My mother, who in an astoundingly skillful chef and baker, has been producing HOMEMADE TRUFFLES as a thank-you gift for my sister’s friends, who’ve done her some solid favors recently with some medical troubles. (She’s fine, for now, since I’m several states away and cannot feed her.) She’s apparently using copious amounts of heavy cream, melted chocolate, and butter as the base for the truffles. She’s also sent a bag each of Reese’s Pieces, mini peanut butter cups, and Oreos to Davy Jones’ Blender as punishment for their sins (namely, Felony Deliciousness and Waistline Endangerment). She has each of these ingredients in a bowl out on the kitchen table, as she’s in between batches.
I have taken it upon myself to defile the Oreo crumbs bowl for this particular concoction. (After asking permission, and with an otherwise-untouched plastic spoon; turning my own food into horrific abominations doesn’t require spoiling actual, amazing treats! Usually.) So what godawful thing am I going to do now?

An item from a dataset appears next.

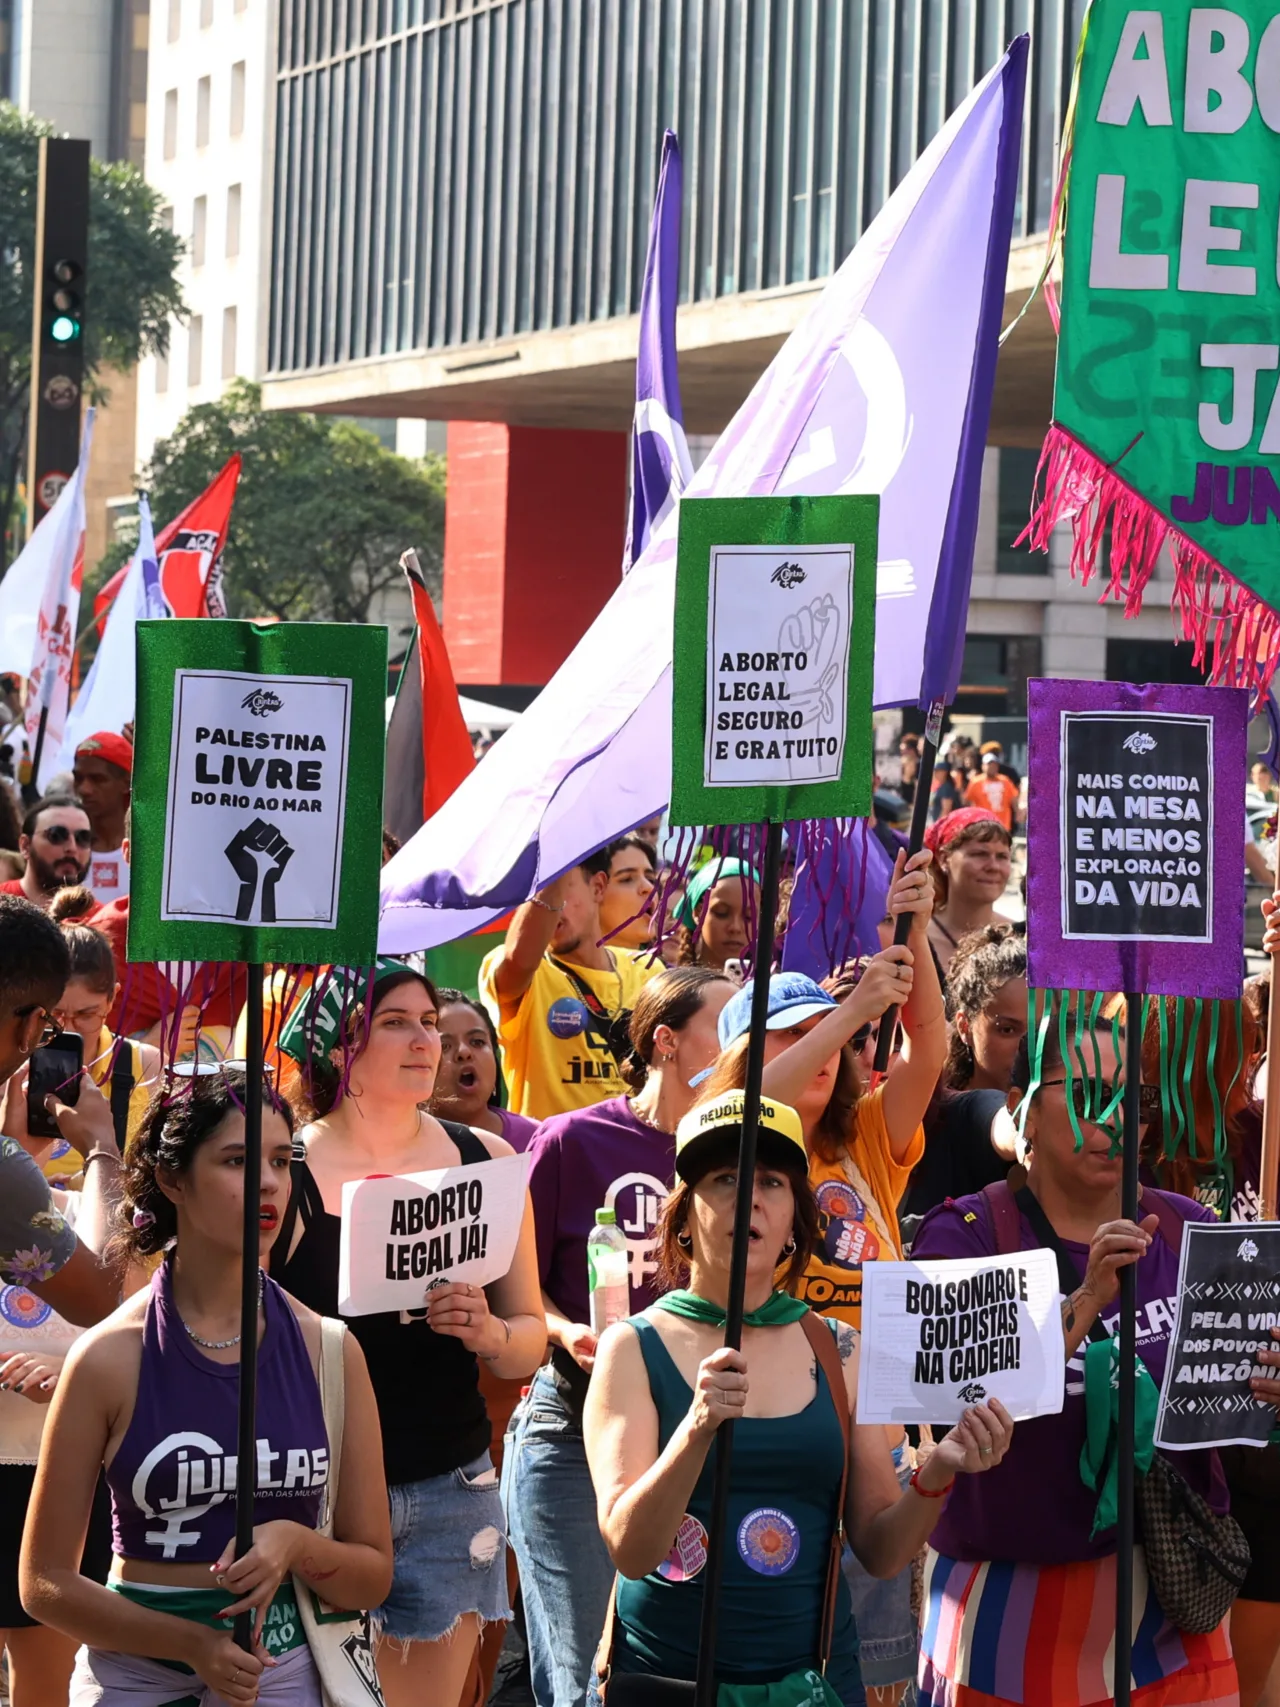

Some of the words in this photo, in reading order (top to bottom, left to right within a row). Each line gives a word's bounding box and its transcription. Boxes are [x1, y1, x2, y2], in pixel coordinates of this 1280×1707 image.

Actually this is really fucking lazy for all that build-up, isn’t it? I’ve spooned out some cheesecake filling in a bowl, spooned out some Oreo crumbs on top of it, and have called it an Oreo Cheesecake, primarily as blasphemy for its own sake. Not my best work, I know, but it’ll have to do... until I remember what I did with the pictures and “recipe” for the other CWR I created a while back and didn’t post.
Bring some antacid and possibly a bottle of Ipecac for next time.
Love, “Chef” Raitzeno
EDIT: Today I made ‘peanut butter cheesecake’ in a similarly lazy fashion, by sticking some of the leftover Reese’s Pieces and mini peanut butter cups in some more cheesecake filling. This is now Cheesecake With Raitzeno.
SPECIAL NOTE: If you’re cooking along with us at home, remember that many packages of mini peanut butter cups are wrapped in foil AND have a cupcake-like paper wrapper around the bottom of the thing. You want to remove both of these before eating, you fucking moron.